Nevertheless, the story of birth control and cancer risk isn’t just about biology — it’s also about priorities in medical research. Women’s health has often been treated as secondary, and this issue goes beyond birth control. An example of this is car accidents. As stated by Maria Weston Kuhn in the Columbia Magazine, “women are 73 percent more likely to be injured and 17 percent more likely to be killed in frontal collisions than men” all because the US Department of Transportation’s New Car Assessment Program is still stuck in the 1970s and doesn’t use dummies which represent women properly. Furthermore, when there is a solution to a problem but it involves side effects for men… the solution is no longer deemed plausible. Look at birth control for men, for example. It is clear that the male counterpart of birth control has received much more accommodation towards their health and orgasms than women ever had. According to the BBC, there was a safe, effective male pill created which would prevent millions of unwanted pregnancies if put on the market. However, many men rejected the idea because it caused an “invisible orgasm,” which they considered emasculating. That perception alone was enough to pull the project’s funding. Later, when other male contraceptives were developed, they were also dismissed — not because they didn’t work, but because of “undesirable side effects.” Ironically, these are the very same side effects women have endured for decades on birth control.

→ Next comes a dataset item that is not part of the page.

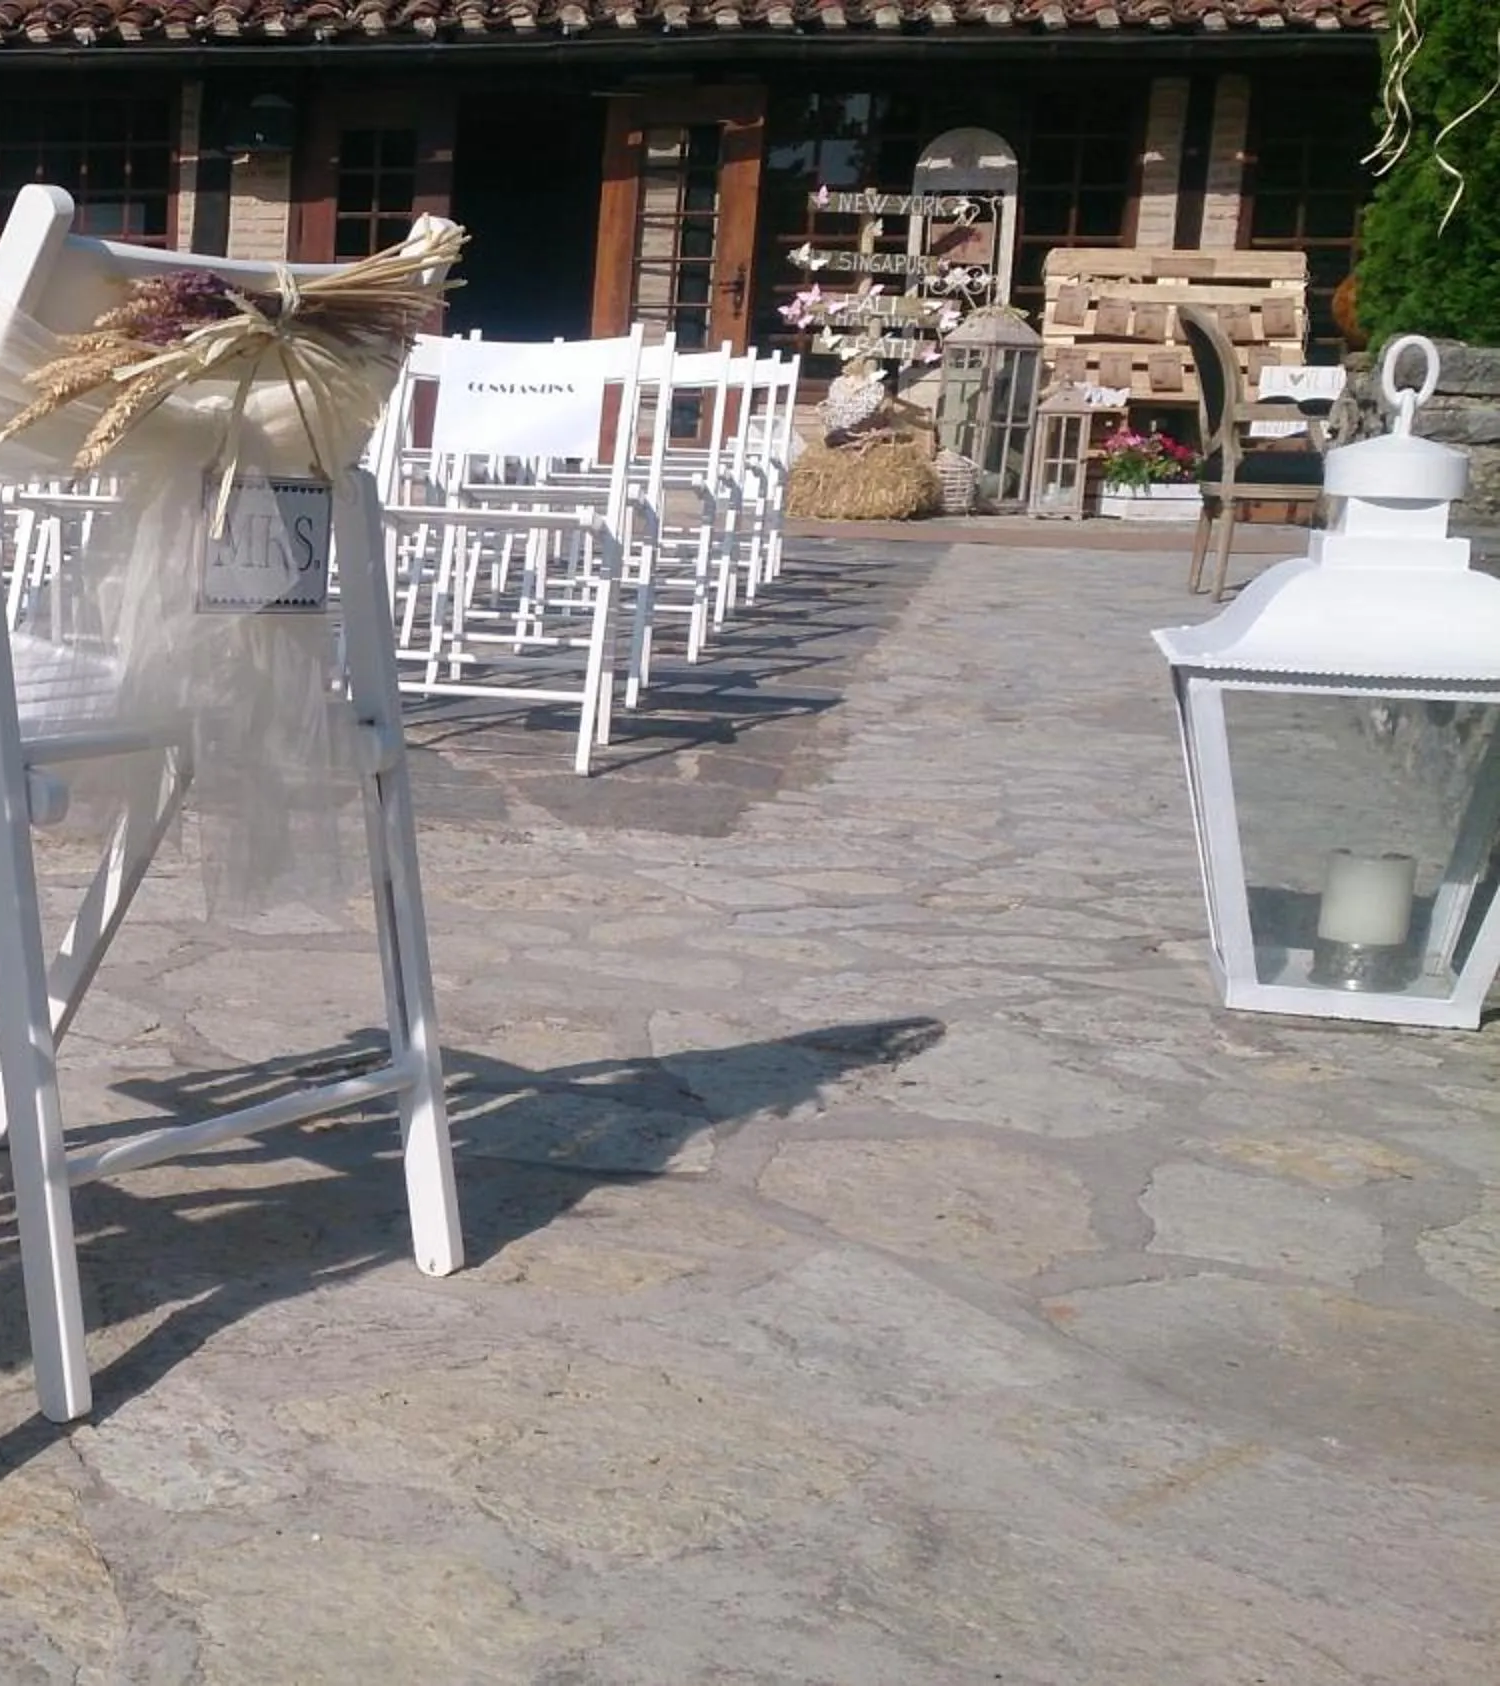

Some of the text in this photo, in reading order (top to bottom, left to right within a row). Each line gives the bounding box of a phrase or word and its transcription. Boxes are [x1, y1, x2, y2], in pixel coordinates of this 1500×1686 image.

[838, 193, 948, 217] NEW YORK
[837, 252, 932, 276] SINGAPUR

And some of those side effects (like cervical cancer, blood clots, and breast cancer) are even more deadly to women than “the headaches” men get from their pill. 

The classification of birth control as “carcinogenic” and the multitudes of side effects that it has on women is not just a health issue. It’s a reflection of a deeper problem: women’s bodies are often treated as acceptable risks in medicine, while safer alternatives remain underfunded or dismissed because birth control doesn’t affect men. 

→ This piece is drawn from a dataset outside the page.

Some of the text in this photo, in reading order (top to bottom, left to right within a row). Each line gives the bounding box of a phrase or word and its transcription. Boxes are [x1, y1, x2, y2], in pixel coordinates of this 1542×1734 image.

Protesters hold signs; one reads "Never Underestimate the Power of Women!" near a classical building. Energetic mood, clear day. This was during the 2020 Covid protests.
Women protesting during the Covid 2020 protests for reproductive rights. Photo by Gayatri Malhotra on Unsplash

Is there anything women can do?

Organize. Even if you’re a man, you should protest for your sister, mother, and grandmother. Researchers and public health advocates emphasize that community organization can play an important role in advancing women’s health. This includes supporting initiatives such as protests, lobbying efforts, and fundraisers that aim to address gaps in research and access to care. While scientific progress is being made to improve birth control and other health interventions, broader priorities in research funding and representation remain challenges that advocacy groups continue to highlight. When you speak out against injustices like these, you don’t just speak for yourself; you speak for those who are too afraid to, and that takes real courage.